# Visual C++ - Find Acute, Obtuse or Right Angle Triangle Given 3 points

Here is the Visual C++ source code to find whether it is actue, obtuse or right angle triangle given given 3 points.

The logic is explained below:

Find the slope between the two lines AB and BC and lets call it m1 and m2. To find out the angle between these two lines, use the following formula.

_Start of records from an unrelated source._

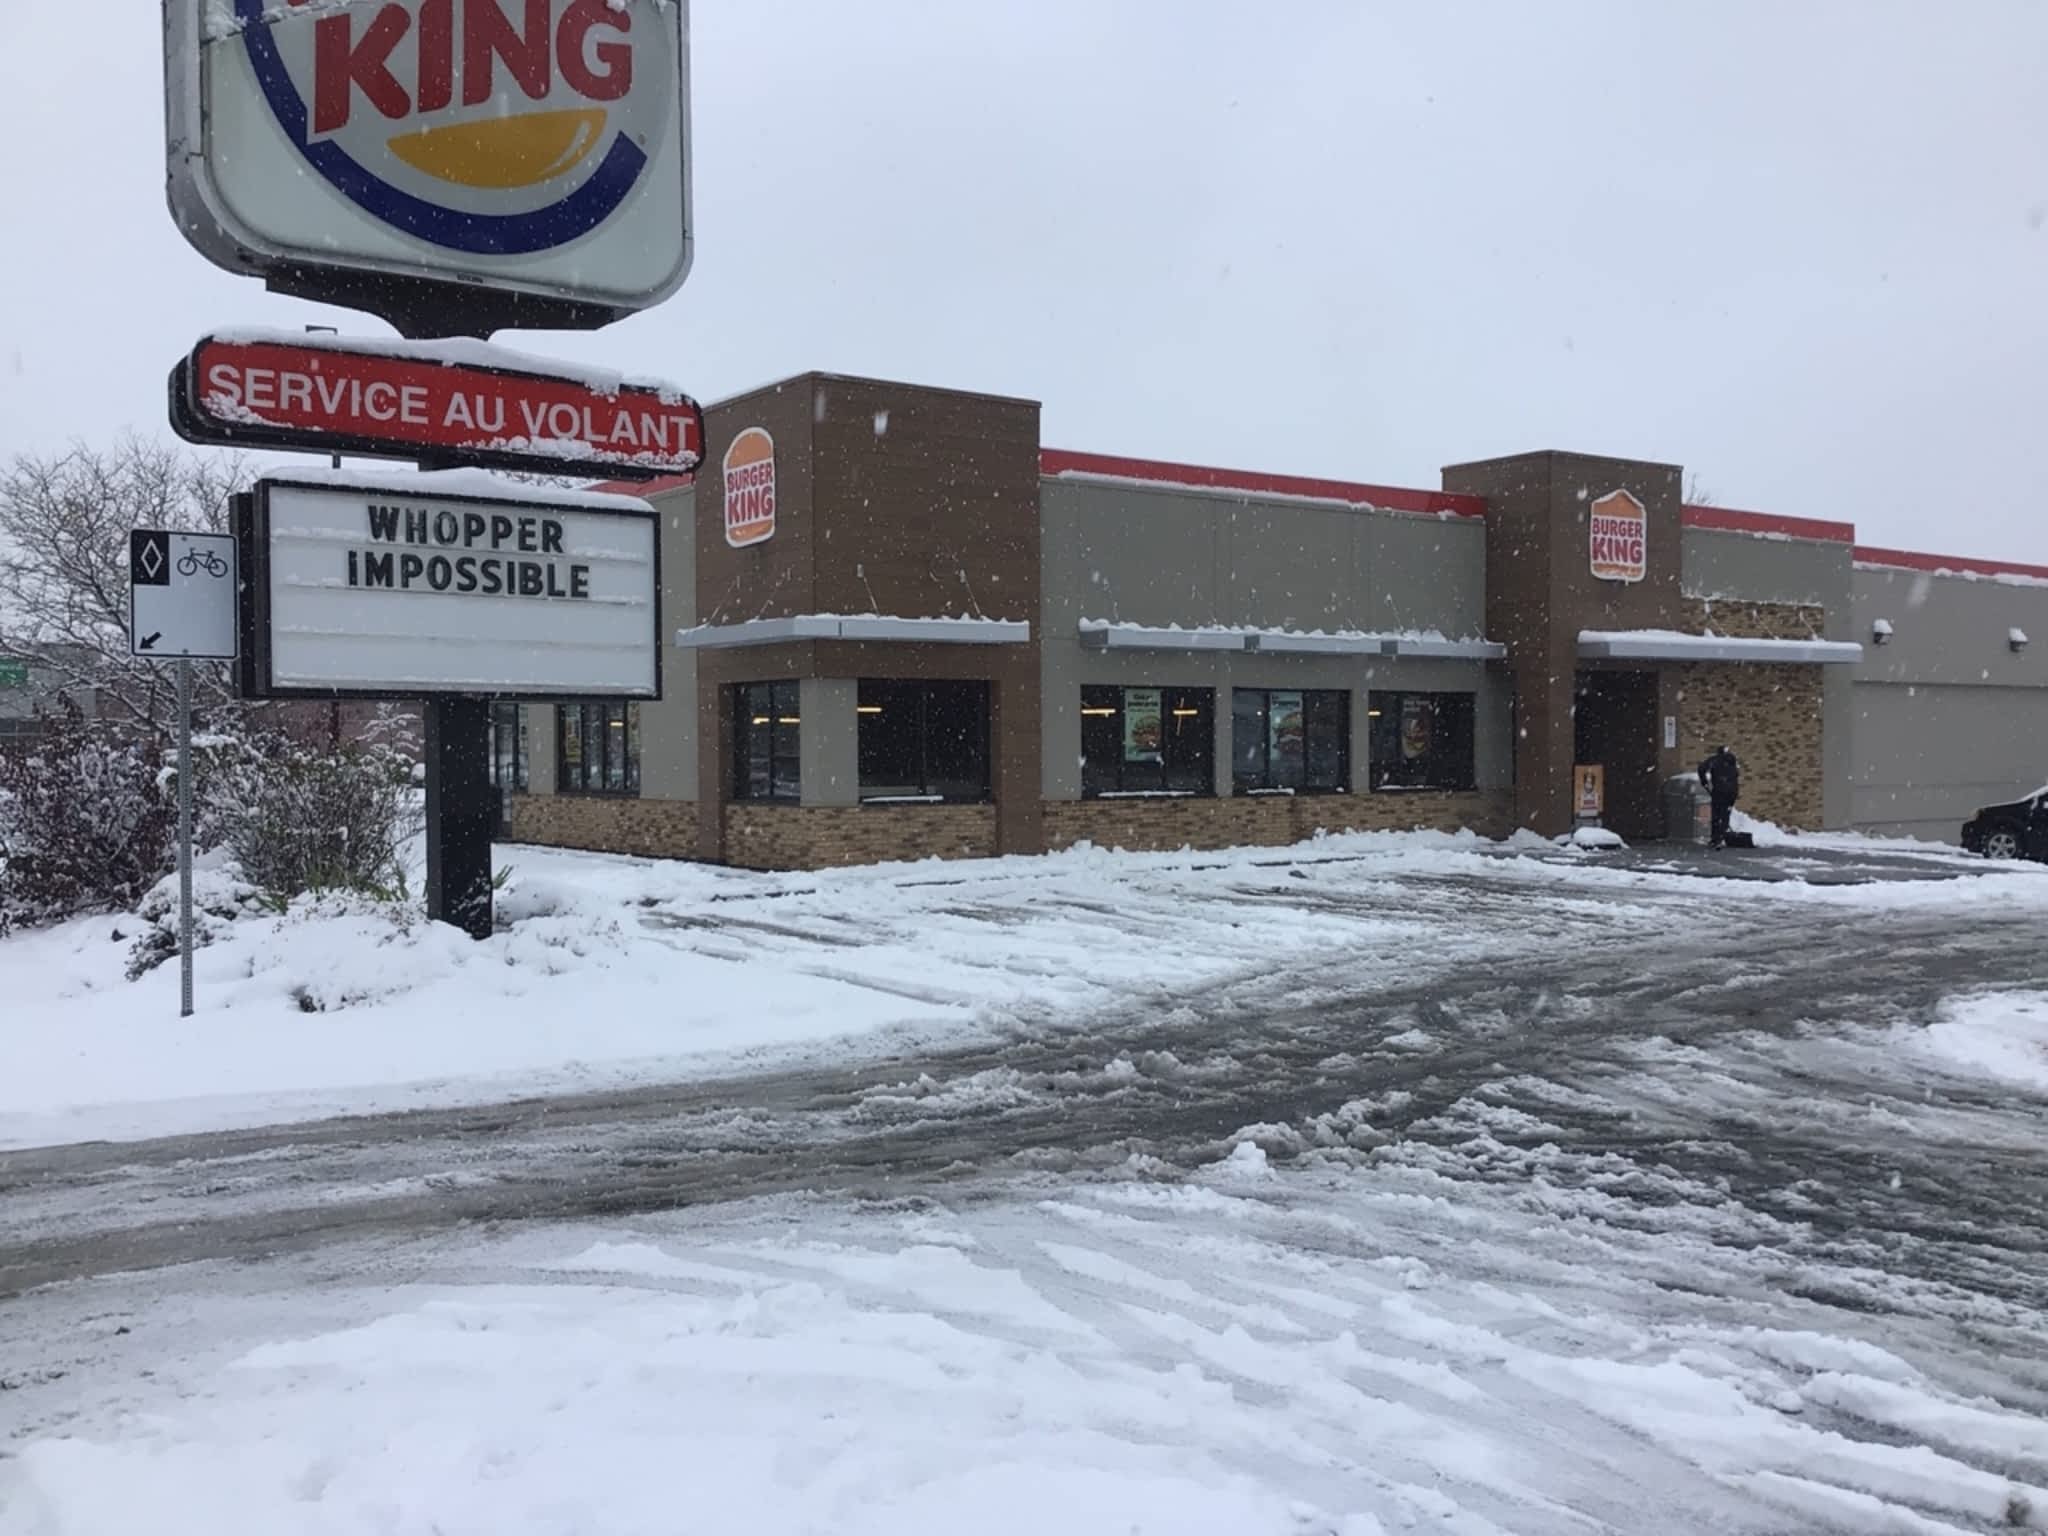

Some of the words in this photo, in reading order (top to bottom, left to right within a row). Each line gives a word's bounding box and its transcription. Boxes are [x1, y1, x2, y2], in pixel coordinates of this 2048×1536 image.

[314, 0, 632, 133] KING
[208, 363, 430, 425] SERVICE
[443, 392, 504, 432] AU
[519, 399, 696, 450] VOLANT
[727, 462, 773, 493] BURGER
[728, 486, 773, 525] KING
[368, 505, 564, 553] WHOPPER
[1592, 517, 1643, 538] BURGER
[1592, 536, 1643, 564] KING
[348, 550, 589, 598] IMPOSSIBLE

ARCTAN( (m1 - m2) / (1 + m1 * m2))

The result will be in radians and to convert it into angle = Radian * 180 / PI.

## Source Code

#include <iostream>

#include <math.h>

int IsPointInBoundingBox(float x1, float y1, float x2, float y2, float px, float py)

{

float left, top, right, bottom; // Bounding Box For Line Segment

// For Bounding Box

if(x1 < x2)

{

left = x1;

right = x2;

}

else

{

left = x2;

right = x1;

}

if(y1 < y2)

{

top = y1;

bottom = y2;

}

else

{

top = y2;

bottom = y1;

}

if( (px+0.01) >= left && (px-0.01) <= right &&

(py+0.01) >= top && (py-0.01) <= bottom )

{

return 1;

}

else

return 0;

}

int LineSegmentIntersection(float l1x1, float l1y1, float l1x2, float l1y2,

float l2x1, float l2y1, float l2x2, float l2y2,

float *m1, float *c1, float *m2, float *c2,

float* intersection_X, float* intersection_Y)

{

float dx, dy;

dx = l1x2 - l1x1;

dy = l1y2 - l1y1;

*m1 = dy / dx;

// y = mx + c

// intercept c = y - mx

*c1 = l1y1 - *m1 * l1x1; // which is same as y2 - slope * x2

dx = l2x2 - l2x1;

dy = l2y2 - l2y1;

*m2 = dy / dx;

// y = mx + c

// intercept c = y - mx

*c2 = l2y1 - *m2 * l2x1; // which is same as y2 - slope * x2

if( (*m1 - *m2) == 0)

return 0;

else

{

*intersection_X = (*c2 - *c1) / (*m1 - *m2);

*intersection_Y = *m1 * *intersection_X + *c1;

}

if(IsPointInBoundingBox(l1x1, l1y1, l1x2, l1y2, *intersection_X, *intersection_Y) == 1 && IsPointInBoundingBox(l2x1, l2y1, l2x2, l2y2, *intersection_X, *intersection_Y) == 1)

{

return 1;

}

else

return 0;

}

int Calculate_Triangle_Type(float ax, float ay, float bx, float by, float cx, float cy, float *angleA, float *angleB, float *angleC)

{

float m1, c1, m2, c2;

float intersection_X, intersection_Y;

// Find the angle between Line AB and BC

LineSegmentIntersection(ax, ay, bx, by, bx, by, cx, cy,

&m1, &c1, &m2, &c2, &intersection_X, &intersection_Y);

*angleB = atan( (m1 - m2) / (1 + m1 * m2)) * 180 / 3.1417;

// Find the angle between Line BC and AC

LineSegmentIntersection(bx, by, cx, cy, cx, cy, ax, ay,

&m1, &c1, &m2, &c2, &intersection_X, &intersection_Y);

*angleC = atan( (m1 - m2) / (1 + m1 * m2)) * 180 / 3.1417;

// Find the angle between Line AC and AB

LineSegmentIntersection(cx, cy, ax, ay, ax, ay, bx, by,

&m1, &c1, &m2, &c2, &intersection_X, &intersection_Y);

*angleA = atan( (m1 - m2) / (1 + m1 * m2)) * 180 / 3.1417;

if(*angleA < 90 && *angleB < 90 && *angleC < 90)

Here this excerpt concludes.